Nothing in the entries may change when you repeat them, and no images may appear.

#### Material provided ####

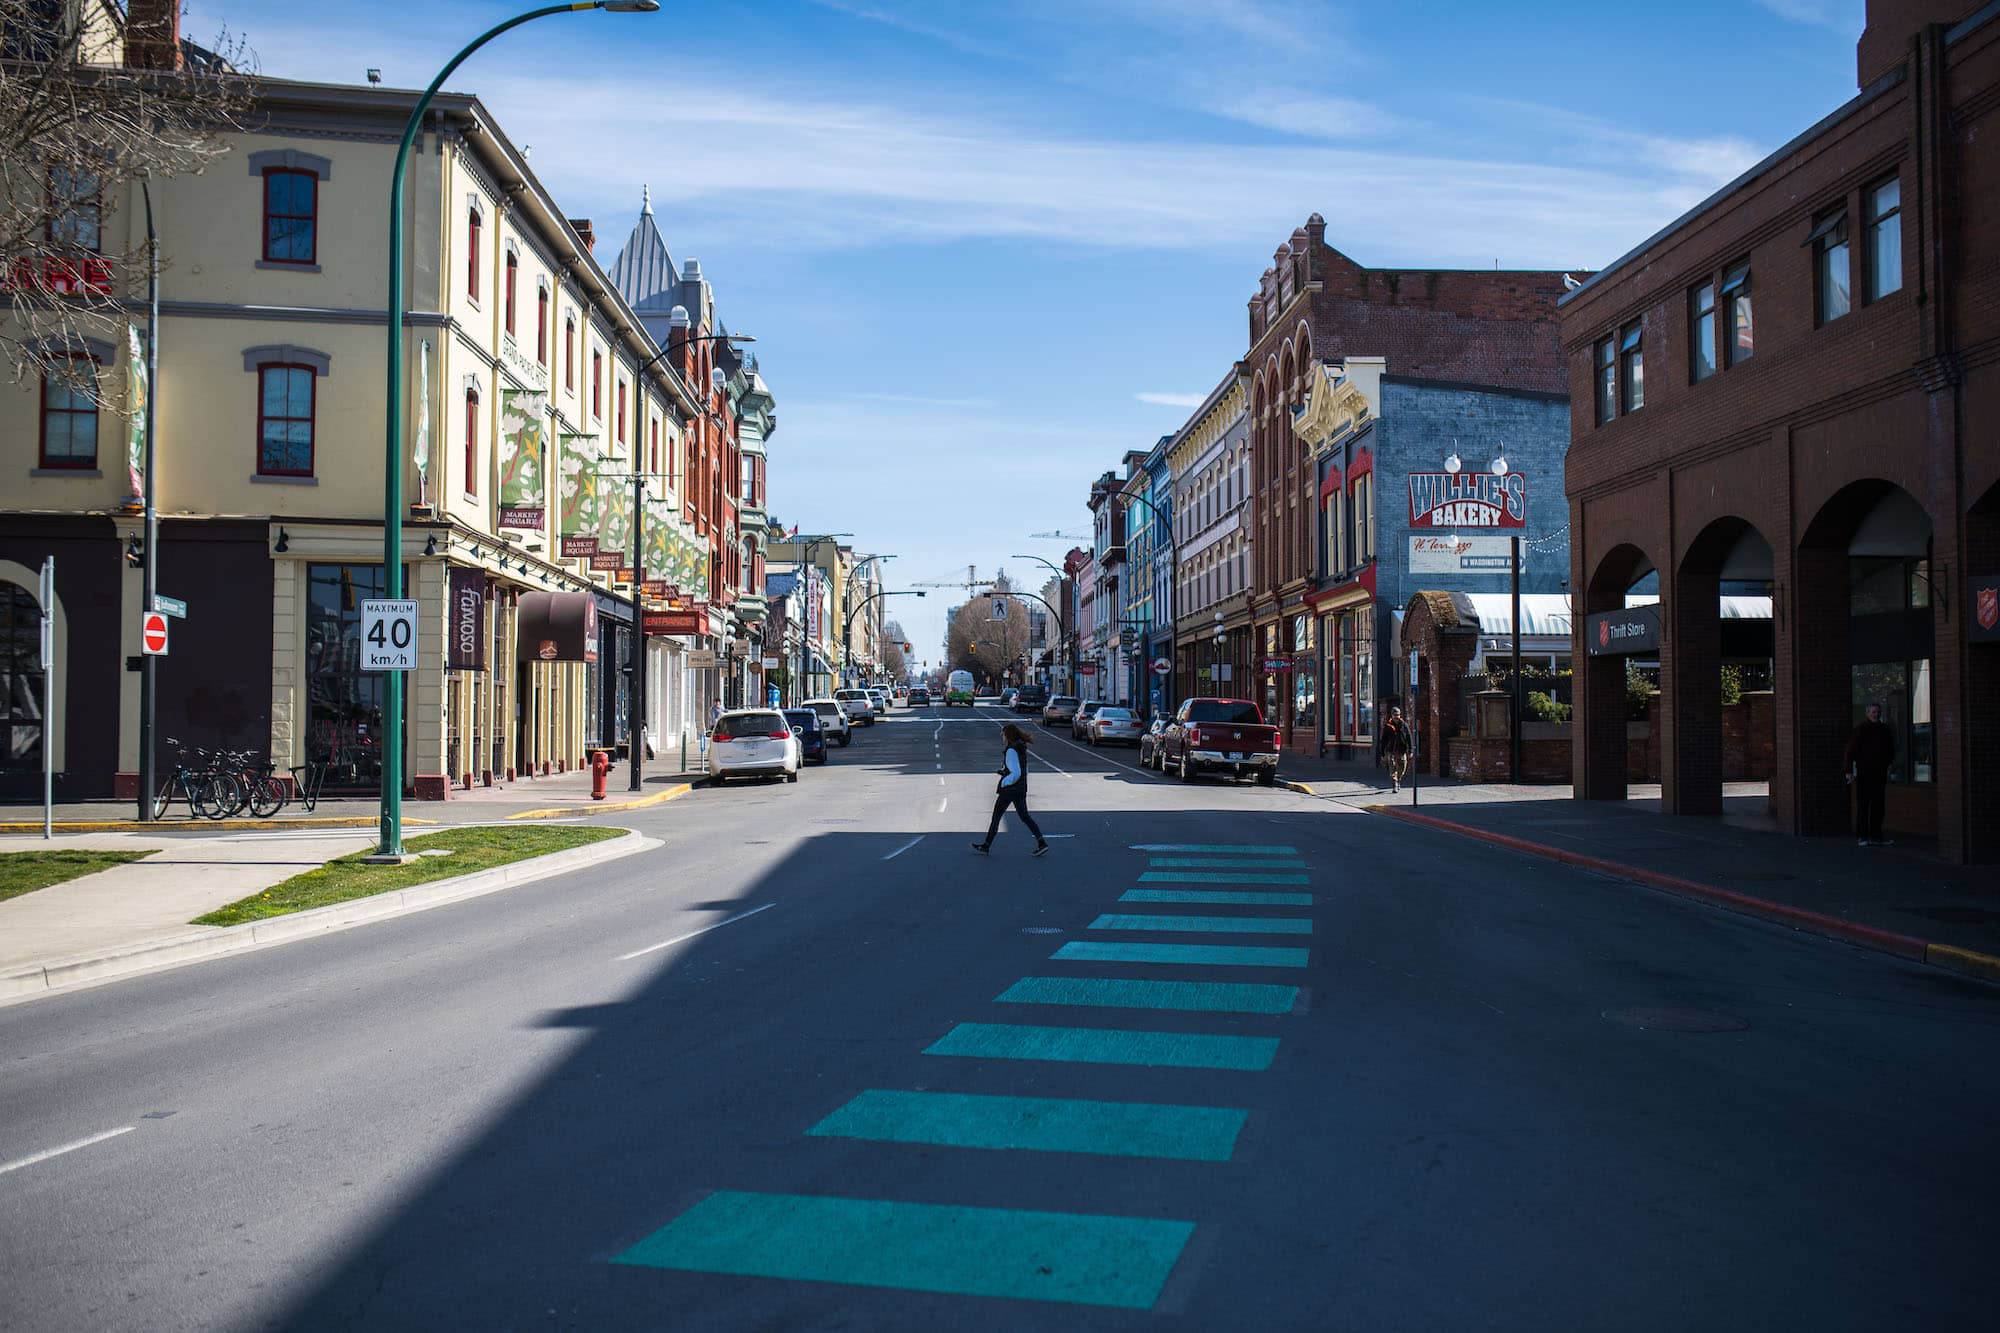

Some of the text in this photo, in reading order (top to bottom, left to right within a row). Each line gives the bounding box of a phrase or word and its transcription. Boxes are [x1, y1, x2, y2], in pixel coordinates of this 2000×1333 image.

[1409, 473, 1524, 521] WILLIE'S
[505, 511, 538, 520] MARKET
[1432, 502, 1502, 526] BAKERY
[504, 517, 539, 526] SQUARE
[566, 547, 594, 555] SQUARE
[367, 605, 413, 613] MAXIMUM
[645, 617, 691, 626] ENTRANCE
[367, 618, 411, 649] 40
[1610, 622, 1646, 639] Thrift Store
[371, 653, 407, 665] km/h

####

** Result **
Some of the text in this photo, in reading order (top to bottom, left to right within a row). Each line gives the bounding box of a phrase or word and its transcription. Boxes are [x1, y1, x2, y2], in pixel coordinates of this 2000×1333 image.

[1409, 473, 1524, 521] WILLIE'S
[505, 511, 538, 520] MARKET
[1432, 502, 1502, 526] BAKERY
[504, 517, 539, 526] SQUARE
[566, 547, 594, 555] SQUARE
[367, 605, 413, 613] MAXIMUM
[645, 617, 691, 626] ENTRANCE
[367, 618, 411, 649] 40
[1610, 622, 1646, 639] Thrift Store
[371, 653, 407, 665] km/h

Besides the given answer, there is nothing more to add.